[Exercise description] Each entry below must come back exactly as written, without its pictures.

(Records from a collection)
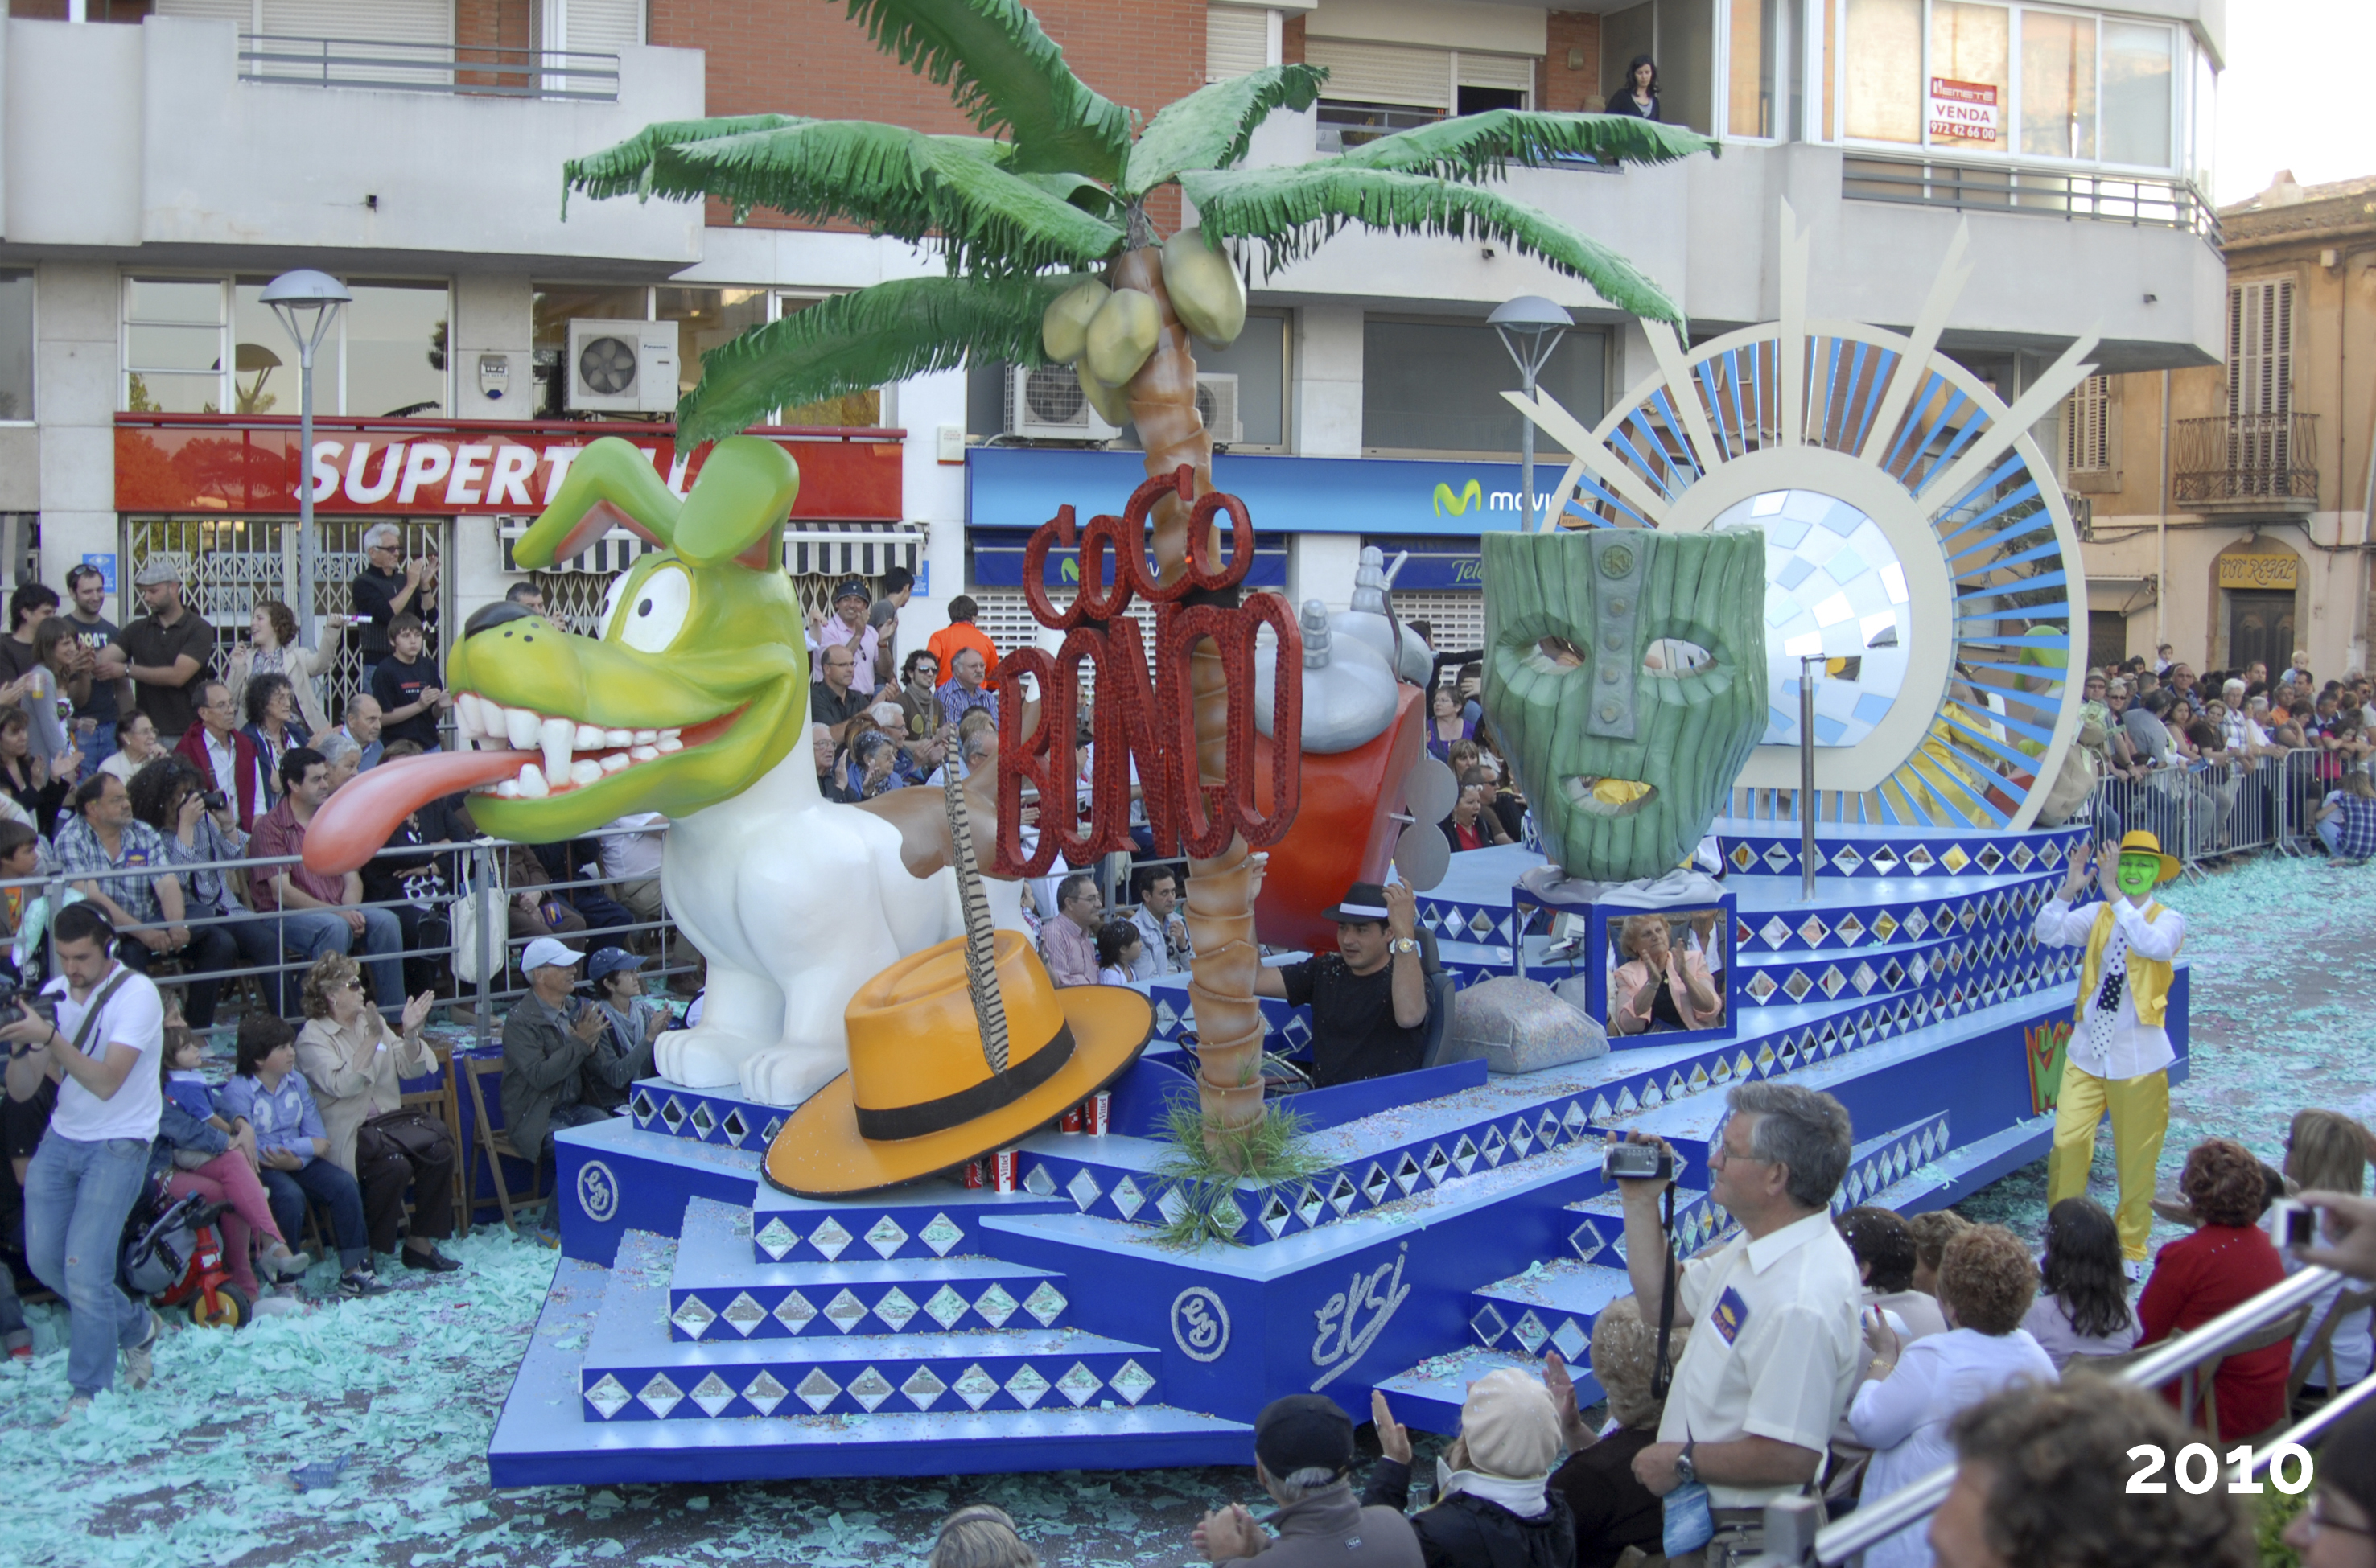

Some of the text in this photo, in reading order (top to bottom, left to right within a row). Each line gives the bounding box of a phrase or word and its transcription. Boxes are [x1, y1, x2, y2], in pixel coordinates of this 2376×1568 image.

[1936, 104, 1991, 123] VENDA
[1931, 121, 1995, 140] 972 42 66 00
[990, 592, 1302, 878] BONGO
[1000, 1155, 1008, 1177] Vittel
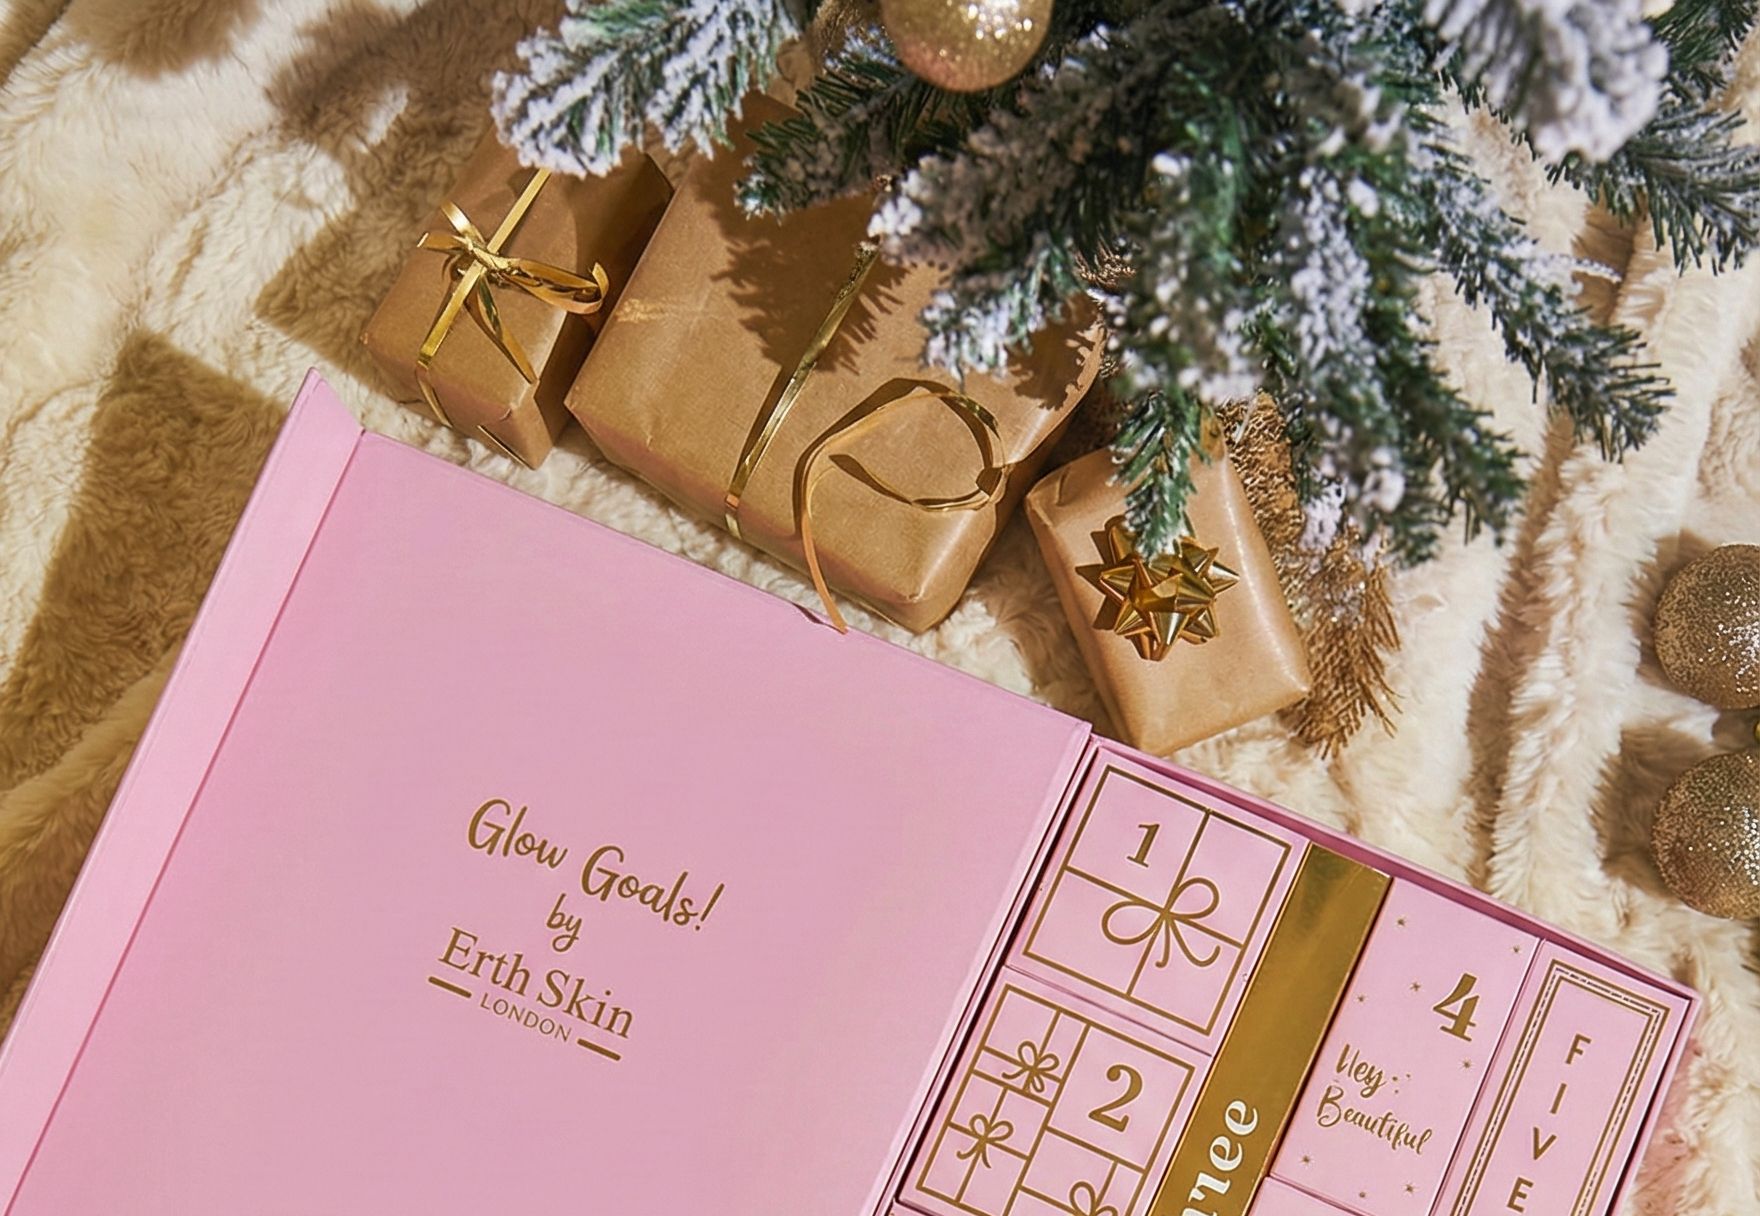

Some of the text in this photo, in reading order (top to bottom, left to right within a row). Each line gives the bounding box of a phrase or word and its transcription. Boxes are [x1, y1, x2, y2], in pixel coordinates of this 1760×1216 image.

[468, 798, 725, 932] Glow Goals!
[1125, 822, 1161, 869] 1
[545, 893, 582, 952] by
[437, 926, 634, 1039] Erth Skin
[1432, 972, 1479, 1042] 4
[480, 993, 572, 1043] LONDON
[1088, 1064, 1143, 1133] 2
[1316, 1084, 1433, 1155] Beautiful

[Response area]
Some of the text in this photo, in reading order (top to bottom, left to right within a row). Each line gives the bounding box of a phrase or word and its transcription. Boxes are [x1, y1, x2, y2], in pixel coordinates of this 2376×1568 image.

[1936, 104, 1991, 123] VENDA
[1931, 121, 1995, 140] 972 42 66 00
[990, 592, 1302, 878] BONGO
[1000, 1155, 1008, 1177] Vittel

Some of the text in this photo, in reading order (top to bottom, left to right within a row). Each line gives the bounding box of a phrase or word and its transcription. Boxes are [x1, y1, x2, y2], in pixel coordinates of this 1760×1216 image.

[468, 798, 725, 932] Glow Goals!
[1125, 822, 1161, 869] 1
[545, 893, 582, 952] by
[437, 926, 634, 1039] Erth Skin
[1432, 972, 1479, 1042] 4
[480, 993, 572, 1043] LONDON
[1088, 1064, 1143, 1133] 2
[1316, 1084, 1433, 1155] Beautiful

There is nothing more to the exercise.